We started the tradition in 1999. We kept the day simple but active since our children were three and five. They crawled into our bed first thing in the morning for cuddle time. Then we would head to the kitchen and make a special breakfast. After breakfast, we wrote up a list of activities on a scrap piece of paper. Everyone chose an activity giving each family member a chance to share his or her favorite games or events. I cannot tell you how many times in those early years that we played blocks, dolls or hide-n-seek but the activity was merely an avenue for relationship building.

The activities changed as the kids got older and included movies, hikes and day-long adventures. But when the day was done, we felt connected for the long, busy week ahead. Family Day might be a beneficial tradition for you. It has brought many of my clients’ families closer together, some that were on the brink of disconnection.

This is how it works:

1. Pick a day: We picked Sunday. A day is really a perfect amount of time to fulfill each person’s special activity. If you find a whole day is too hard on your schedules, then an evening could work too.
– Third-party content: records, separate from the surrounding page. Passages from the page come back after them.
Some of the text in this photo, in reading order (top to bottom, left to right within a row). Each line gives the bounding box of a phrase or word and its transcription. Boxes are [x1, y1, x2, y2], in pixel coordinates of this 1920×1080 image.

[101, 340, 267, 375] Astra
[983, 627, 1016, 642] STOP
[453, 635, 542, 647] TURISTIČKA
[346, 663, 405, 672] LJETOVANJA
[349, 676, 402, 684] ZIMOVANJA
For example, a Friday family game night might be fun or a Saturday pizza and a movie could work. Or expand on a time you already have in your schedule like church and breakfast.
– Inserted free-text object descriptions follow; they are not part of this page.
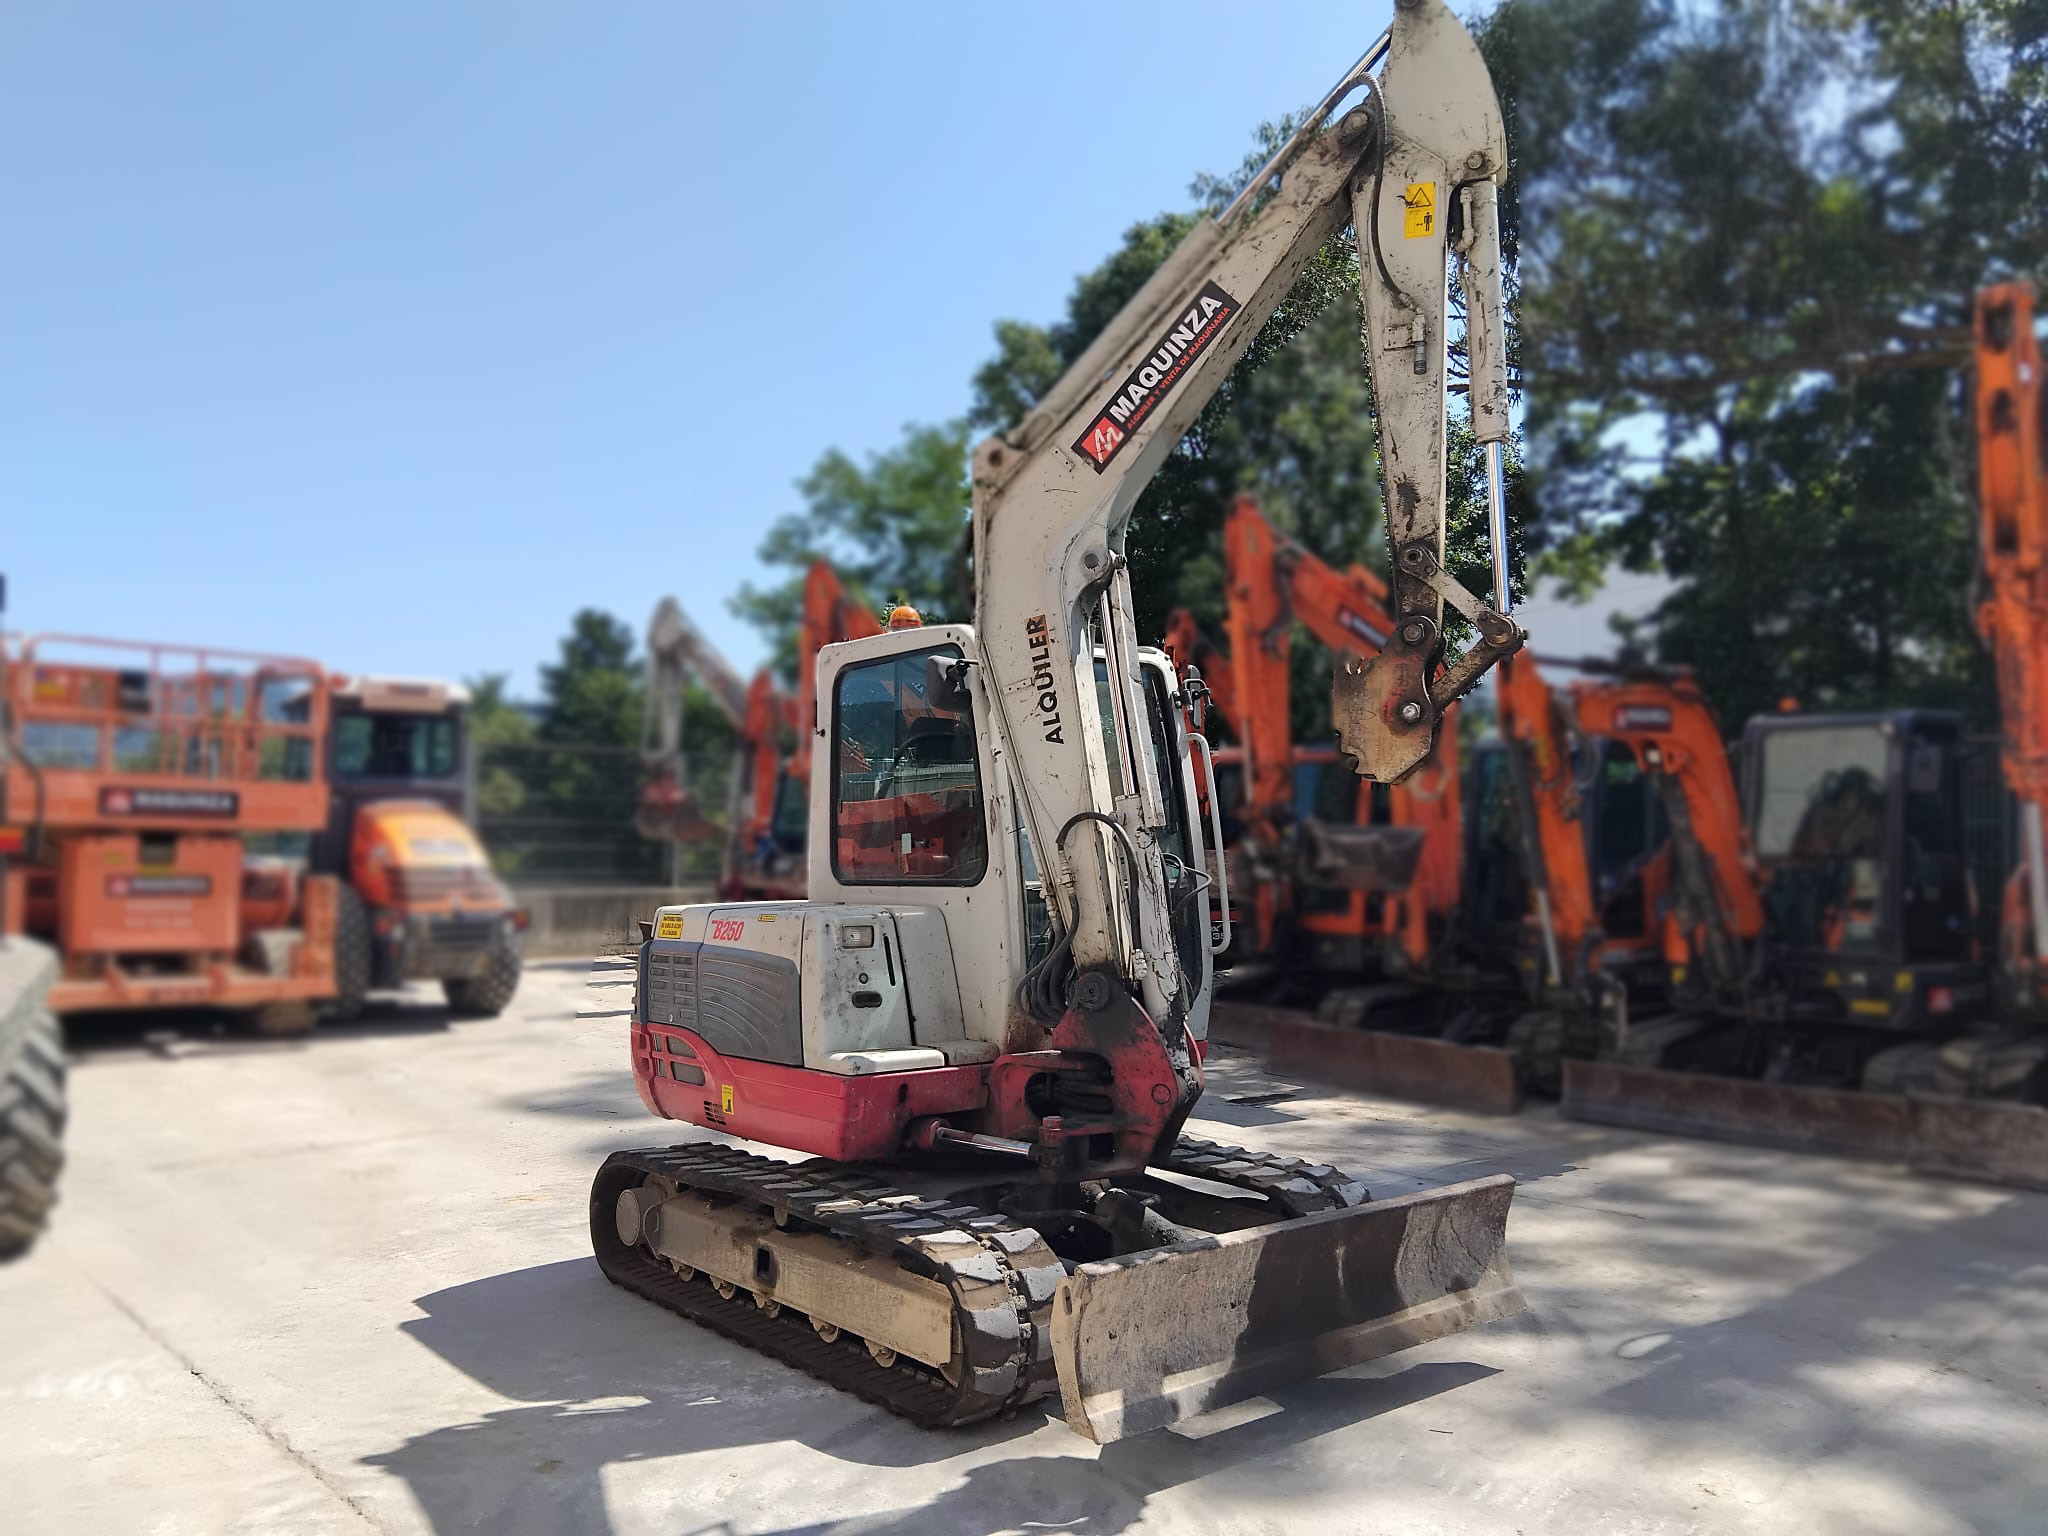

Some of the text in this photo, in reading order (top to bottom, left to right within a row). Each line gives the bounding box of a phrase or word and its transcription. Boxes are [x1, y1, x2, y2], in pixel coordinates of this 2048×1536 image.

[1108, 295, 1223, 424] MAQUINZA
[1127, 396, 1156, 430] ALQUILER
[1159, 366, 1181, 389] VENTA
[1179, 354, 1190, 366] DE
[1188, 307, 1231, 356] MAQUINARIA
[1025, 617, 1065, 745] ALQUILER
2. Wake up together: When our children were young, they usually made their way into our bed so we woke up cuddling, wrestling, or playing a guessing game. Now that they are older, we meet on the couch for something hot to drink, chat or tell jokes then head for the breakfast table.
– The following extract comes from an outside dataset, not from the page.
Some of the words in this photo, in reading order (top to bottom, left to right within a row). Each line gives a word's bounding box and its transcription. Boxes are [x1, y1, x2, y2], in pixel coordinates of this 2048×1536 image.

3. Breakfast Time: Every holiday has a feast. Our feast is at Family Day breakfast. Everybody has a task as we all work hard to make the meal into an event. My son learned how to make coffee (with supervision) by the time he was four and my daughter makes her “famous” pancakes. We do not hold back at this meal. Our breakfast is filled with goodies.
4. Family Day Journal: Although we spent years writing a list of activities on a scrap piece of paper, one Family Day I suggested we write our lists in a journal. From that point forward, after breakfast we bring out our Family Day Journal and take turns writing our special list. We even added a page of family news. We look back fondly on our list every so often remembering our past Family Days.
5. Family Day Activities: In our family, we come up with eight Family Day activities. Because there are four of us, we each get two choices. The writer gets to pick who is first, second, and third. The writer shares his/her pick last. Ideas will vary with your children’s age. My son tended to pick hide-n-seek when he was younger whereas my daughter tended to pick an art project. Now, they pick movies, games, or shopping. No matter the choice, we all must participate. Some suggestions are hide-n-seek, playing a board game at a coffee shop, planting a vegetable garden, baking cookies, making paper dolls, playing dolls, building a city with blocks, making up a scary story, going for ice cream, renting movies at home or going to a movie, painting each other’s portrait on canvas place mats, decorating bird houses, making Christmas gifts, carving pumpkins, rock climbing, hosting an International Ping-Pong Invitational, putting together puzzles, playing house, playing I-spy with a special shell we found at the beach on our last Family Day, playing bingo, going to visit family, adventuring out to a museum, telling tall tales, making clay models, and so much more. The list is prioritized in terms of time-line or we’ll put the ideas in a basket and draw. Although we parents do have some veto power (i.e. money or time constraints), generally anything the kids pick is accepted.
6. Commitment: We are committed to Family Day every week, however, there are always some exceptions. For instance, if I am going on a training weekend or my husband has a conflicting job, Family Day will be carried on by the parent at home or we will reschedule it in advance to Saturday. Our friends and family know that we are not available on Sunday because we are focusing on each other. After almost 10 years, I can say that Family Day was the best thing we ever established in our little clan.